Good luck, buddy. Good luck.

[1] In a different context than kidnapping, but a promise they had just made

The Brood

I have not seen many David Cronenberg movies. The Dead Zone and The Fly in my misspent youth.[1] Rabid, via The Last Drive-In. Videodrome recently also via my horror podcast. And now The Brood. The scare was “evil science”, and the style was wildcard, i.e. they just picked six evil science movies and then rolled again to see what they watched. So, technically, no specific style.

This was a weird movie, but until the last 15 minutes it was not what I think of as David Cronenberg weird. See, there’s this father of a small girl who easily could have been (but probably was not) Carol Ann from Poltergeist. And his ex-wife is institutionalized at a weird experimental psychiatry place that has a name that stood out to me[2] but which I can no longer recall, which the lead psychiatrist has published work about.
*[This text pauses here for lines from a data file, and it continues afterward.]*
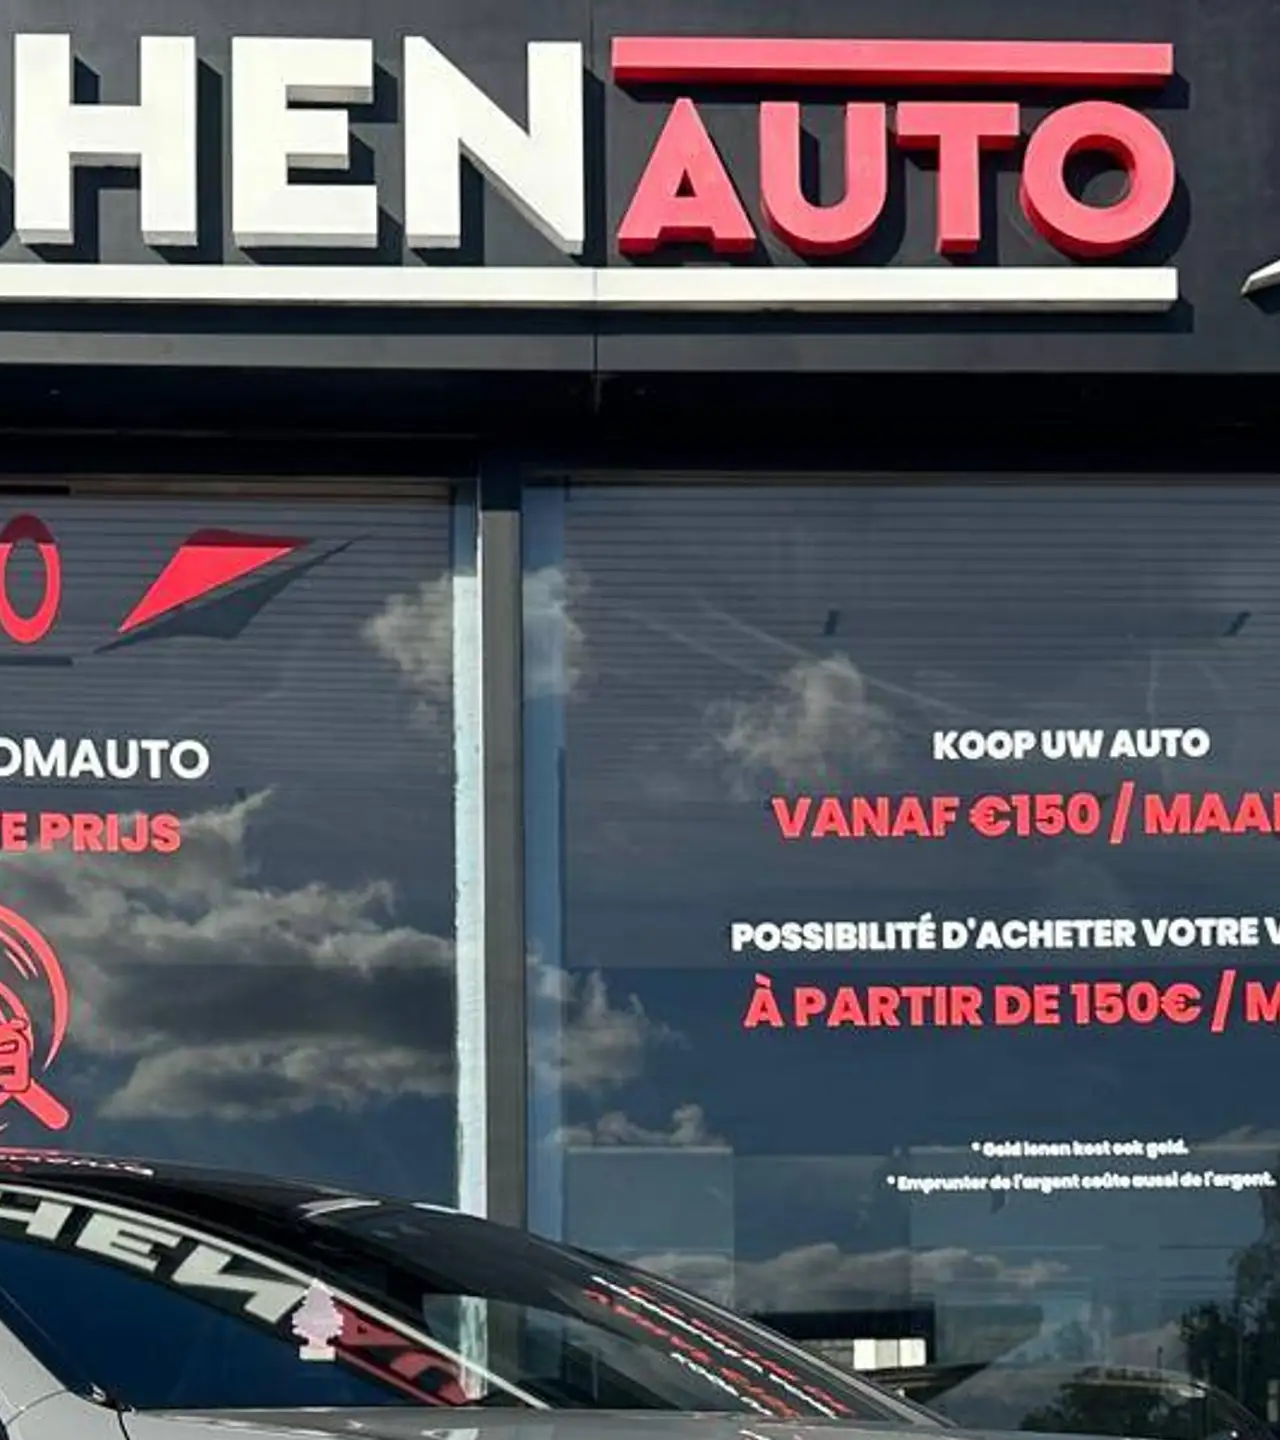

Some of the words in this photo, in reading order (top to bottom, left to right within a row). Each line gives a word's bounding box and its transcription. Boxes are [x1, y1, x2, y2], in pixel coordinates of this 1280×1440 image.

[617, 97, 1175, 259] AUTO
[932, 729, 1037, 761] KOOP
[1041, 728, 1104, 760] UW
[1109, 727, 1211, 759] AUTO
[38, 811, 182, 854] PRIJS
[773, 795, 959, 838] VANAF
[968, 792, 1101, 838] €150
[731, 912, 937, 952] POSSIBILITÉ
[942, 916, 1136, 950] D'ACHETER
[1141, 916, 1260, 948] VOTRE
[743, 974, 783, 1029] À
[793, 984, 984, 1028] PARTIR
[993, 983, 1062, 1026] DE
[1070, 981, 1201, 1025] 150€
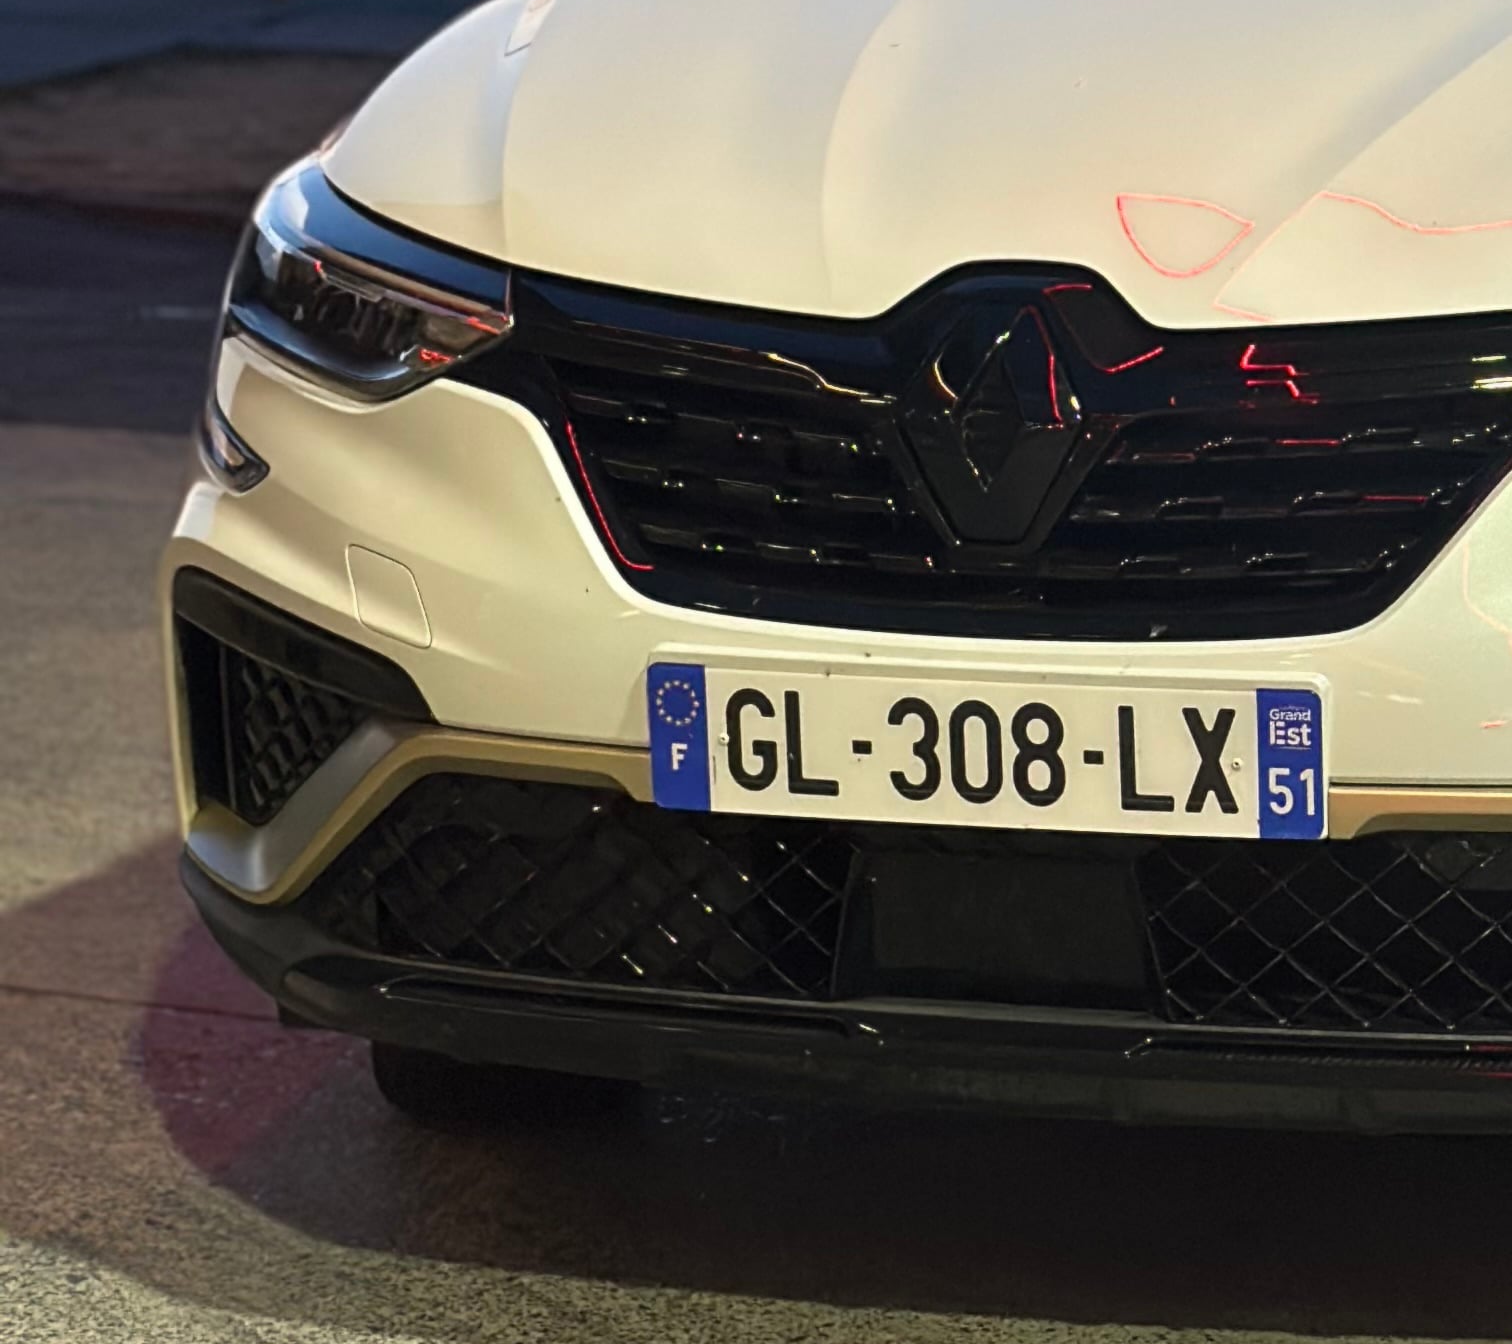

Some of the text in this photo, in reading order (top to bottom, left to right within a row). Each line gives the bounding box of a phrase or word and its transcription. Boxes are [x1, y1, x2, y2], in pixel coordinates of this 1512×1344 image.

[1269, 708, 1312, 722] Grand
[1269, 721, 1312, 746] Est
[669, 742, 688, 771] F
[725, 687, 1240, 815] GL-308-LX
[1268, 767, 1316, 816] 51
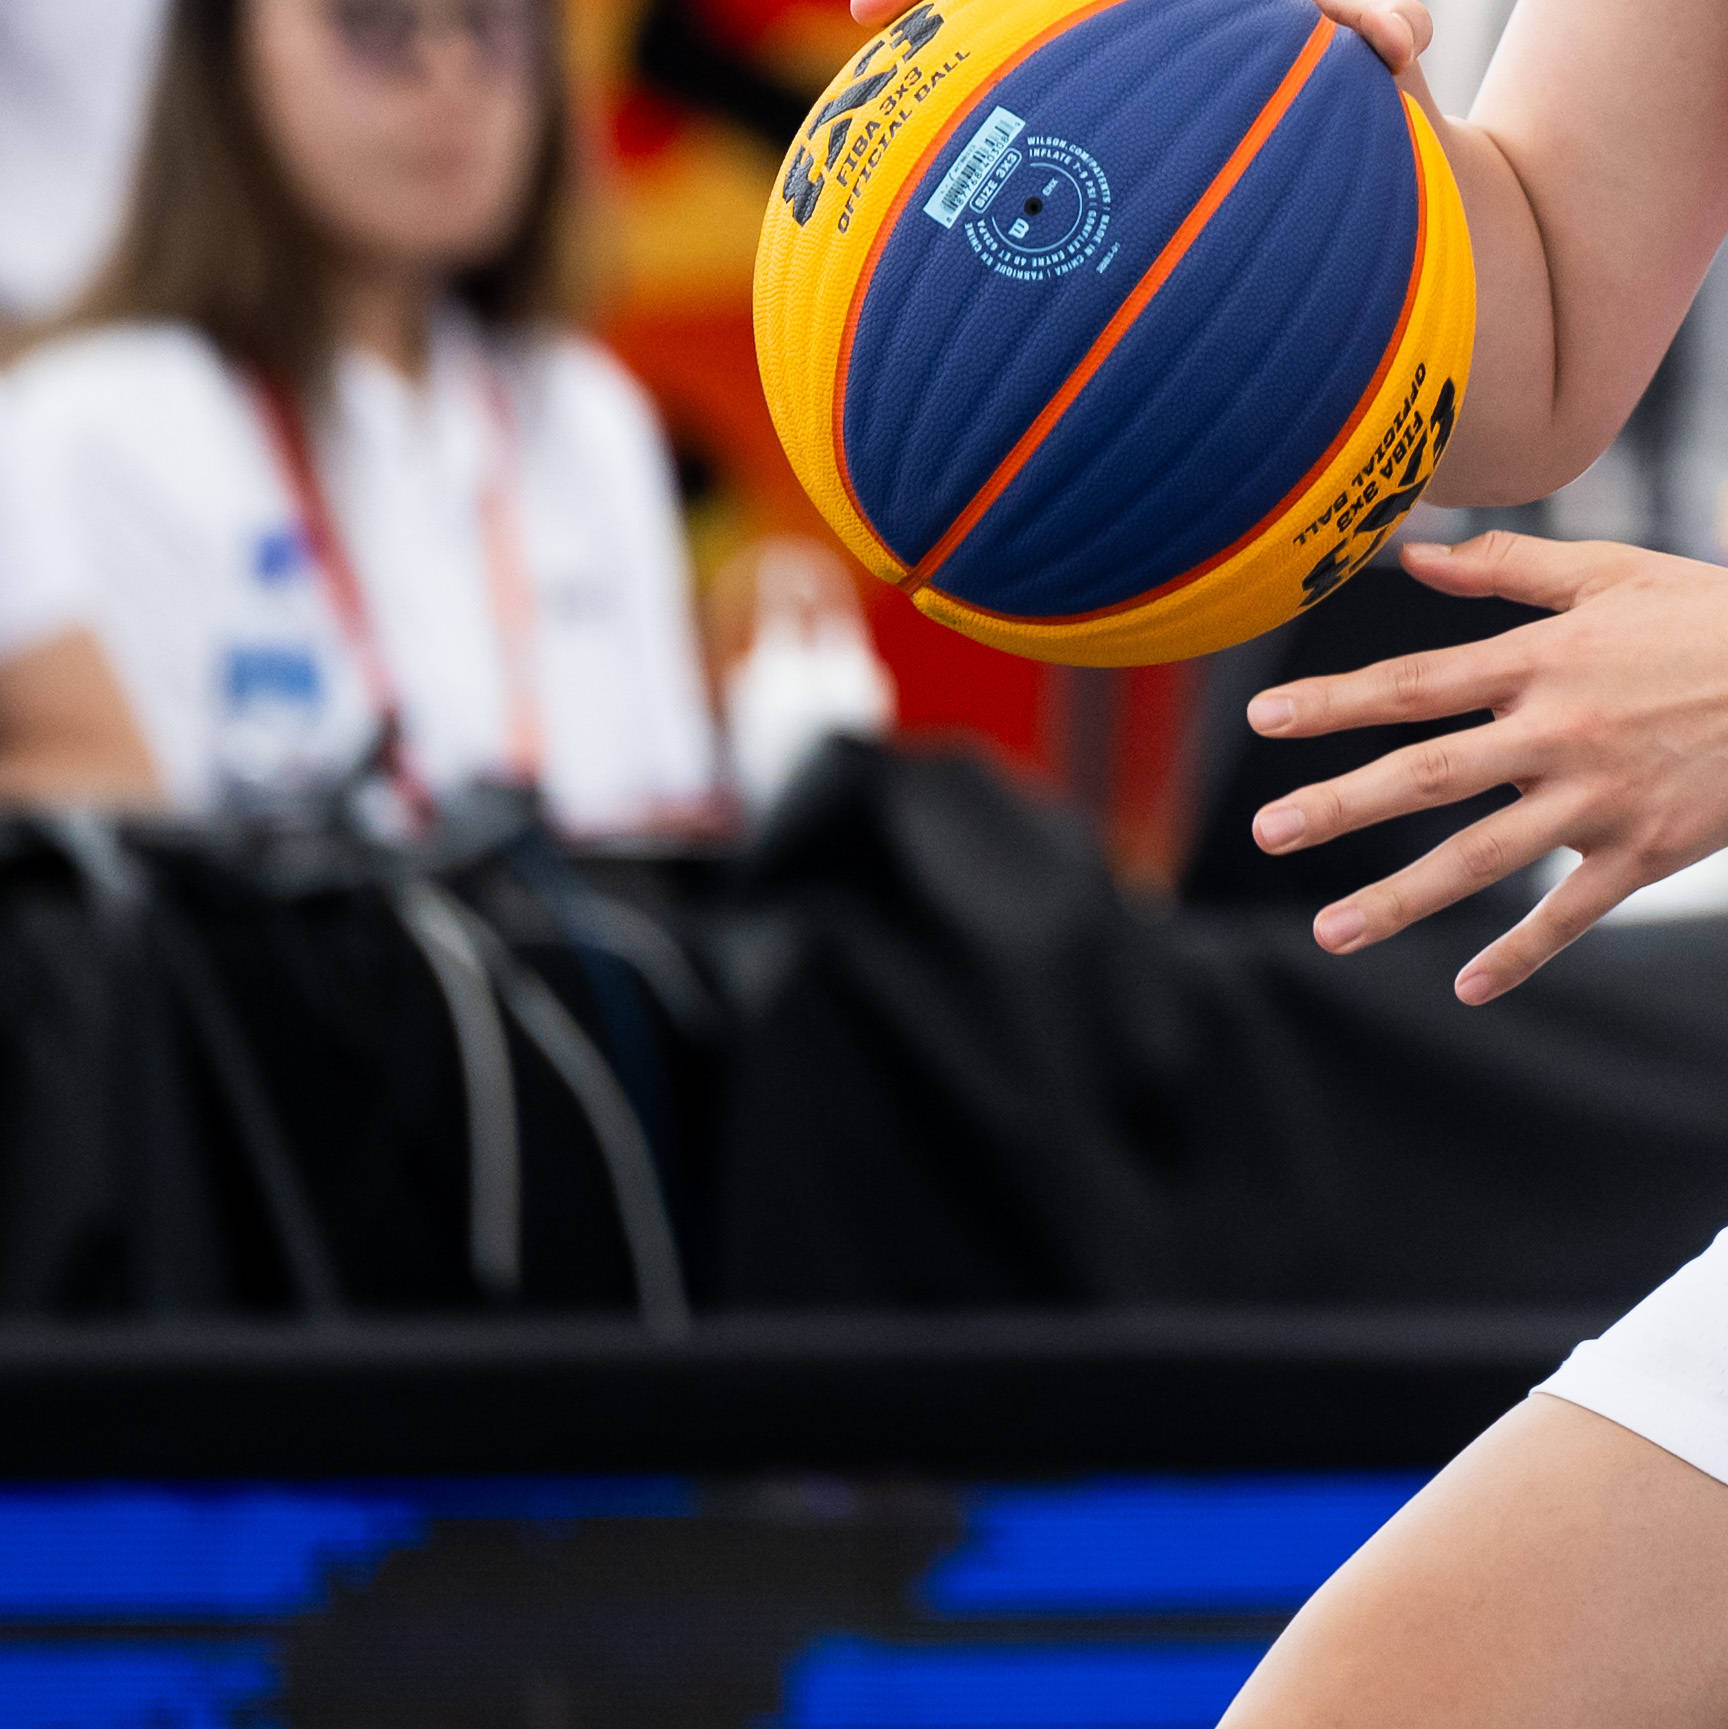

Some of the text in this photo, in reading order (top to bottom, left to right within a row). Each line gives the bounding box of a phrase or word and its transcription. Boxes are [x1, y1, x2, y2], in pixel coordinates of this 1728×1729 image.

[836, 120, 881, 187] FIBA
[837, 51, 971, 234] OFFICIAL BALL
[1029, 148, 1072, 165] INFLATE
[975, 153, 1017, 209] SIZE 3X3
[1055, 254, 1084, 276] CHINA
[1293, 362, 1426, 546] OFFICIAL BALL
[1380, 410, 1424, 480] FIBA
The husband is annoyed that he’s never allowed to talk to her, but once he finds that his daughter is all bruised up after one of her weekly visits to mom’s padded room[3], he goes immediately scorched earth. Which is fair, but it’s no surprise to learn that Cronenberg had just gone through a contentious divorce / custody battle, because this script and direction, both of which he was responsible for, are informed by said battle in every frame and every line.

This does not sound like a horror movie though, right? That’s only because I haven’t mentioned yet how random deformed dwarfs[4] or possibly children have started killing everyone who might have somehow crossed the mother. Nor how everyone the father can find who has graduated from this particular psych ward seems crazier than when they went in, but also how damn few have graduated in the first place. And especially because I haven’t explained my mention about the last 15 minutes when it goes full Cronenberg and finally earns its title.

But honestly, don’t watch it for the horror or the mystery. Watch it for just how unhappy Cronenberg was about his divorce / custody battle. Because… wow.

[1] “and Dune, obviously,” I nearly said, but no, that’s David Lynch. Other people superficially mix them up, right? It’s not just me?
[2] I’m not saying he was going for the feeling of it being Dianetics, but I’m not not saying that, if you catch my drift.
[3] Probably her room is not padded. I don’t think I ever saw her in any context that was not the therapy room though, so who knows?
[4] I know what you’re thinking, but I’m pretty sure the actors were not little people, is why I am choosing my terminology as such.